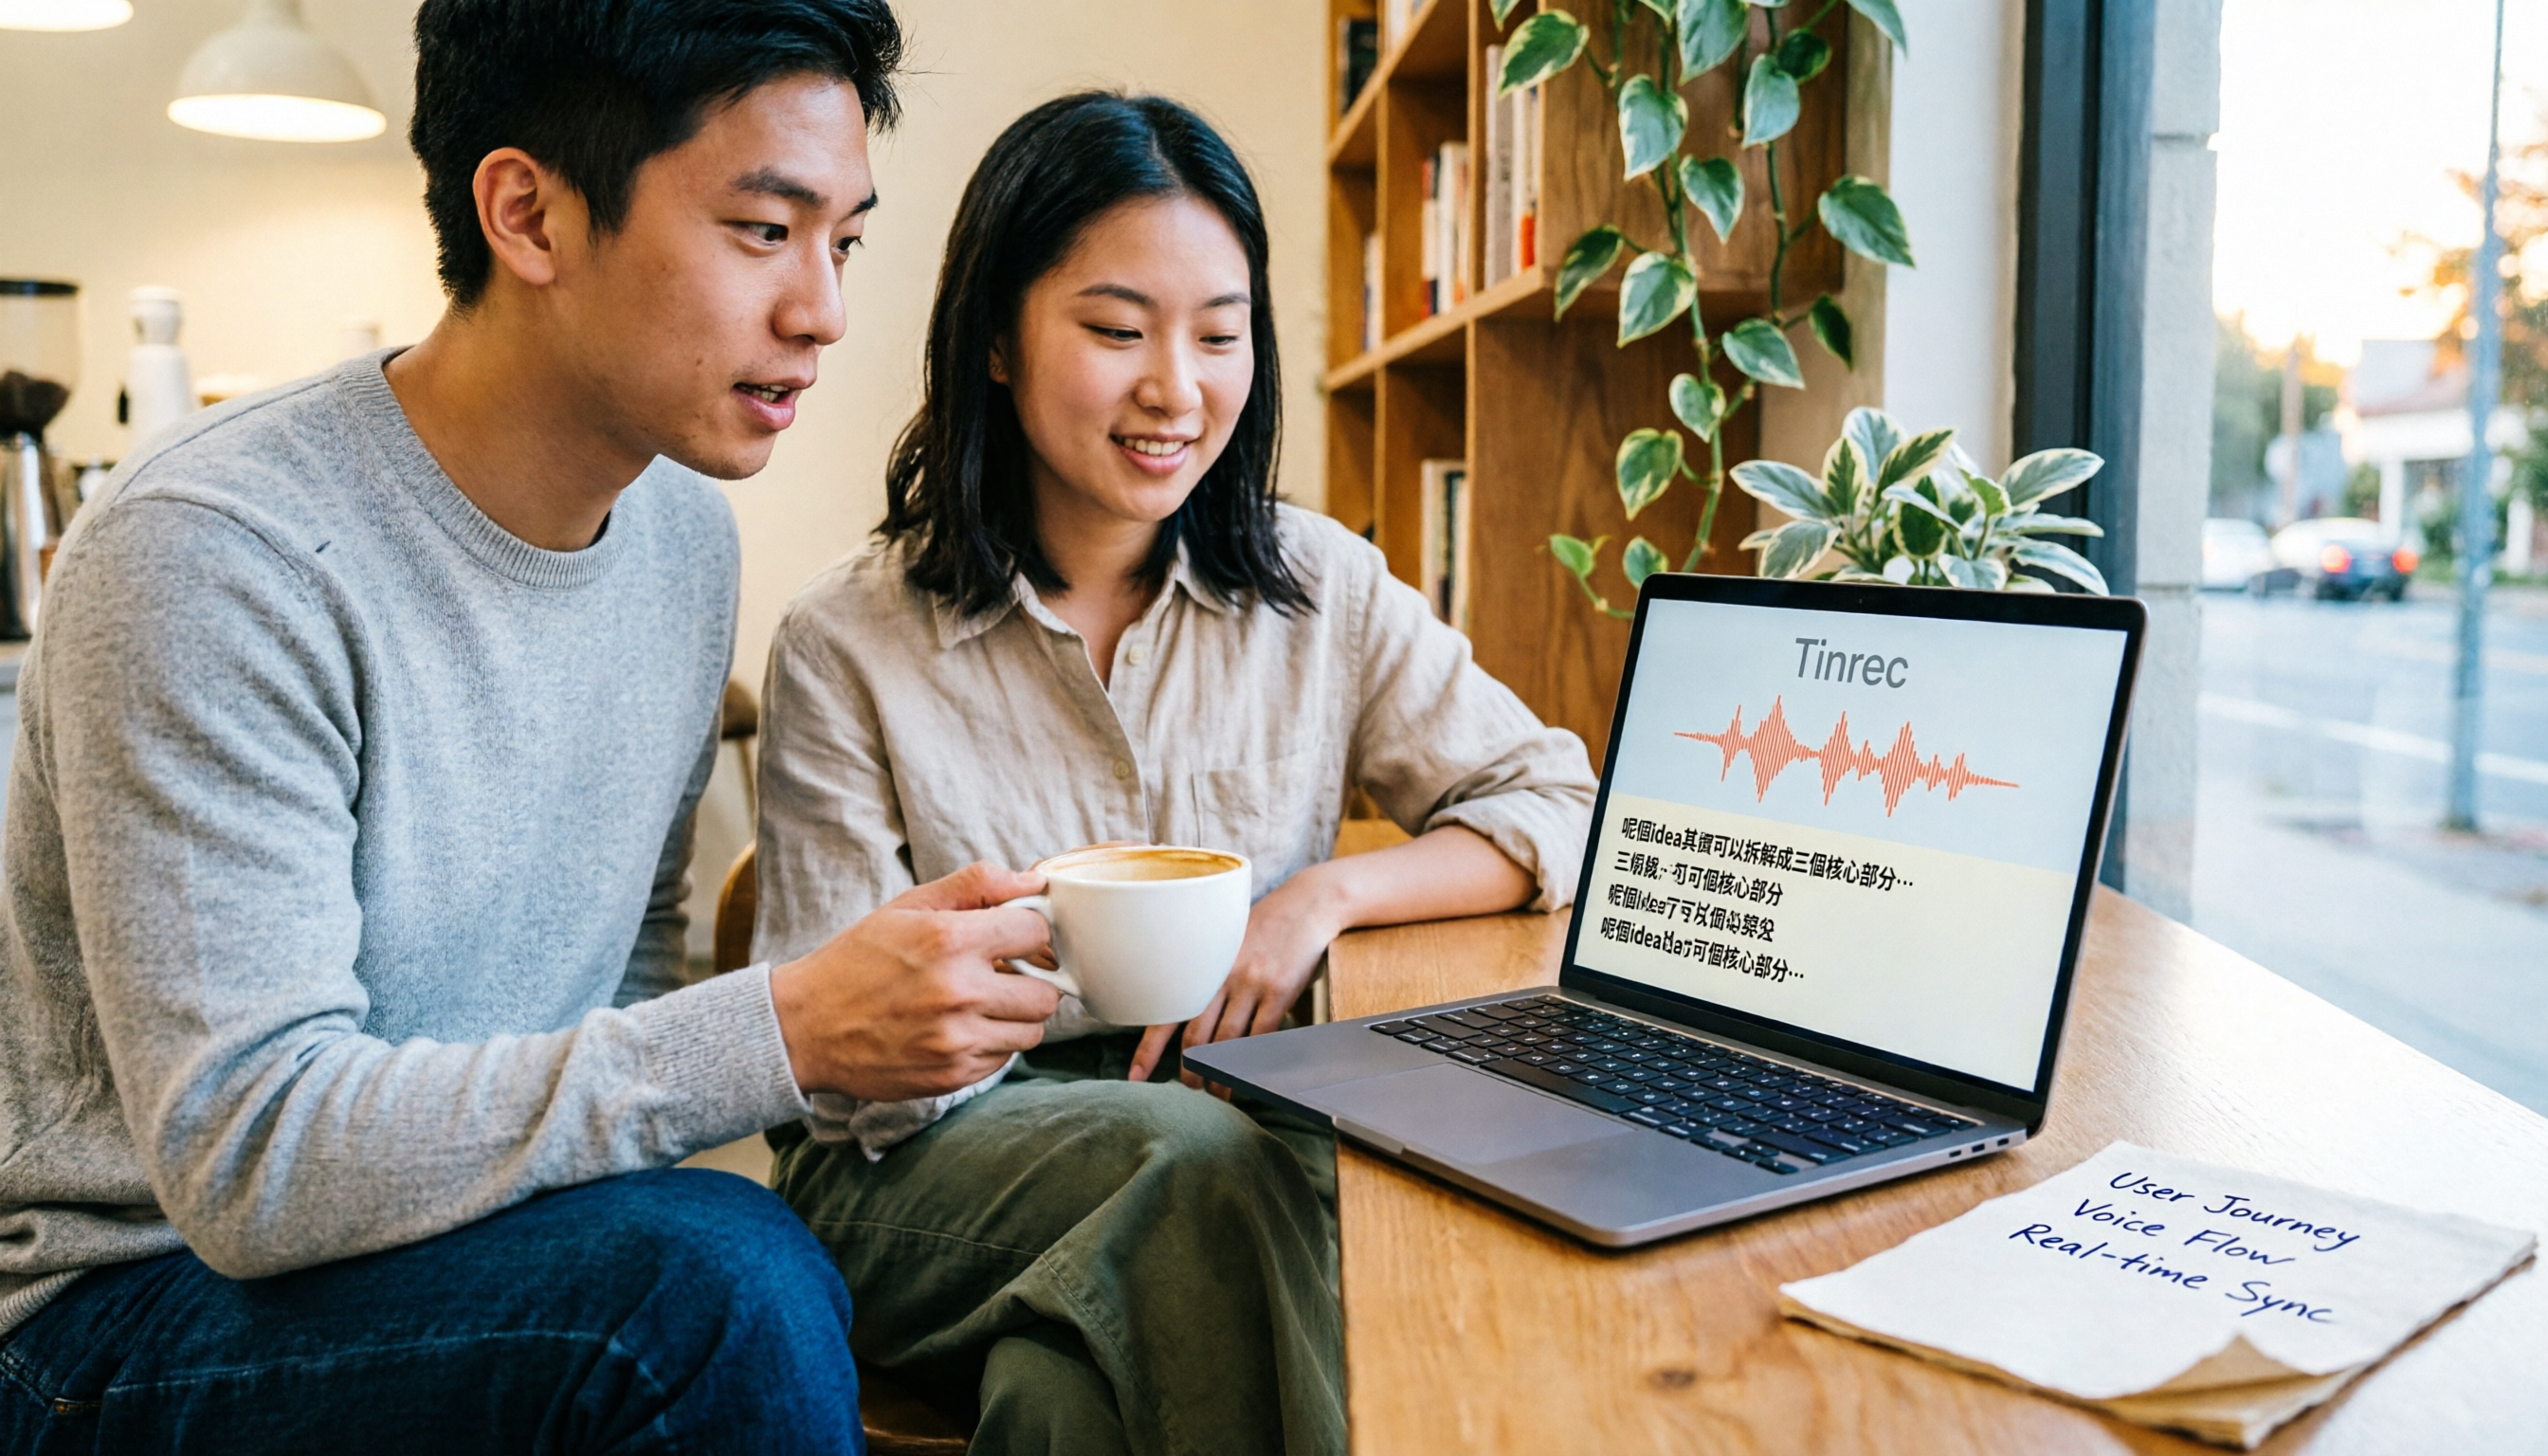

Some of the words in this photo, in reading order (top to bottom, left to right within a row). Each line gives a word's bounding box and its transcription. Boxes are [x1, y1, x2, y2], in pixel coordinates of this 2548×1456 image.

[1795, 637, 1909, 689] Tinrec
[2073, 1198, 2167, 1237] Voice
[2183, 1228, 2296, 1266] Flow
[2109, 1172, 2195, 1203] User
[2203, 1194, 2361, 1253] Journey
[2009, 1223, 2209, 1290] Real-time
[2225, 1281, 2337, 1325] Sync
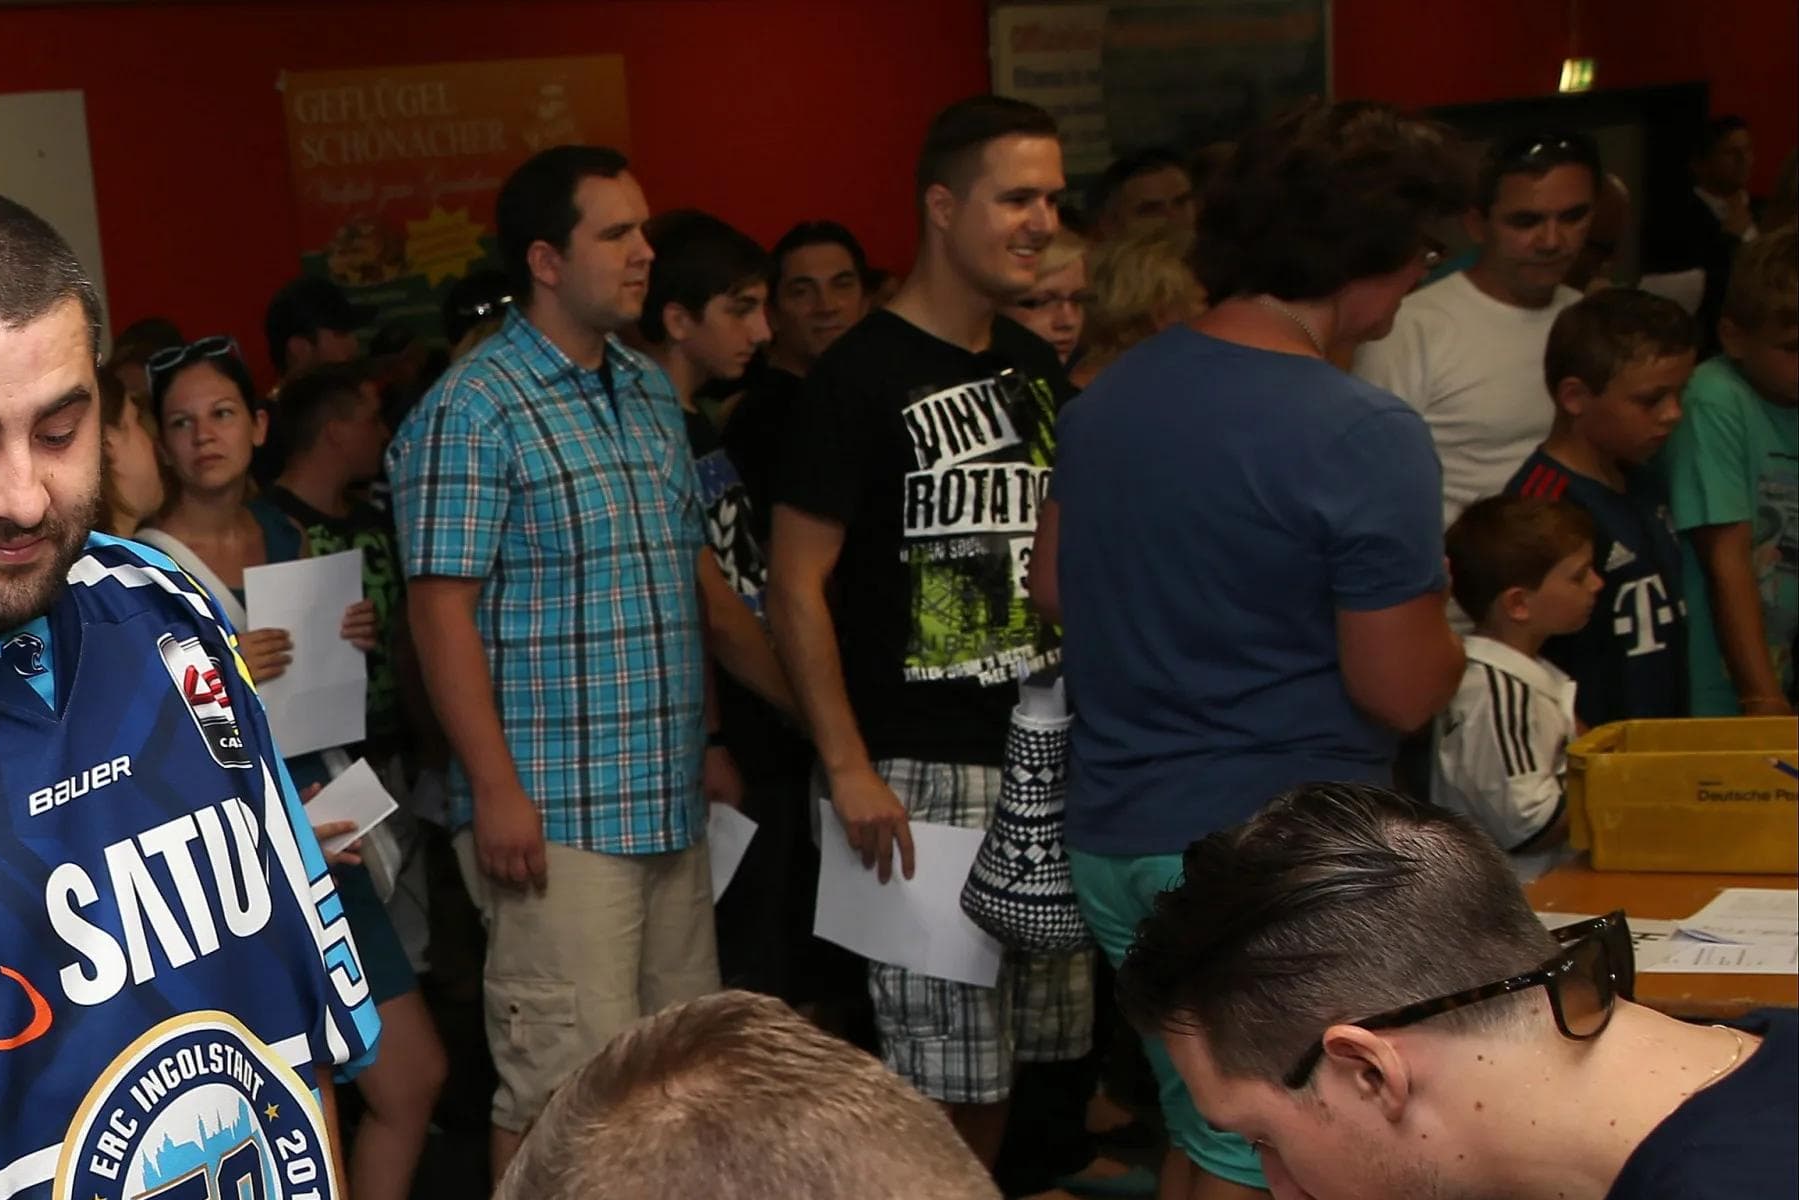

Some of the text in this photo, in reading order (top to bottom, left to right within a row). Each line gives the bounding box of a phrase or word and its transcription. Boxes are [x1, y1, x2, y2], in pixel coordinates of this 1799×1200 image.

[1697, 788, 1798, 802] Deutsche Po
[89, 1042, 265, 1181] ERC INGOLSTADT

#####

EXERCISE DESCRIPTION → Could you print the whole listing again, exactly, leaving the pictures out?

EXERCISE RESPONSE →
Some of the words in this photo, in reading order (top to bottom, left to right within a row). Each line gives a word's bounding box and its transcription. Boxes are [x1, y1, x2, y2], in pixel coordinates of this 2548×1456 image.

[1795, 637, 1909, 689] Tinrec
[2073, 1198, 2167, 1237] Voice
[2183, 1228, 2296, 1266] Flow
[2109, 1172, 2195, 1203] User
[2203, 1194, 2361, 1253] Journey
[2009, 1223, 2209, 1290] Real-time
[2225, 1281, 2337, 1325] Sync

Some of the text in this photo, in reading order (top to bottom, left to right within a row). Each line gives the bounding box of a phrase or word and its transcription. Boxes are [x1, y1, x2, y2], in pixel coordinates of this 1799×1200 image.

[1697, 788, 1798, 802] Deutsche Po
[89, 1042, 265, 1181] ERC INGOLSTADT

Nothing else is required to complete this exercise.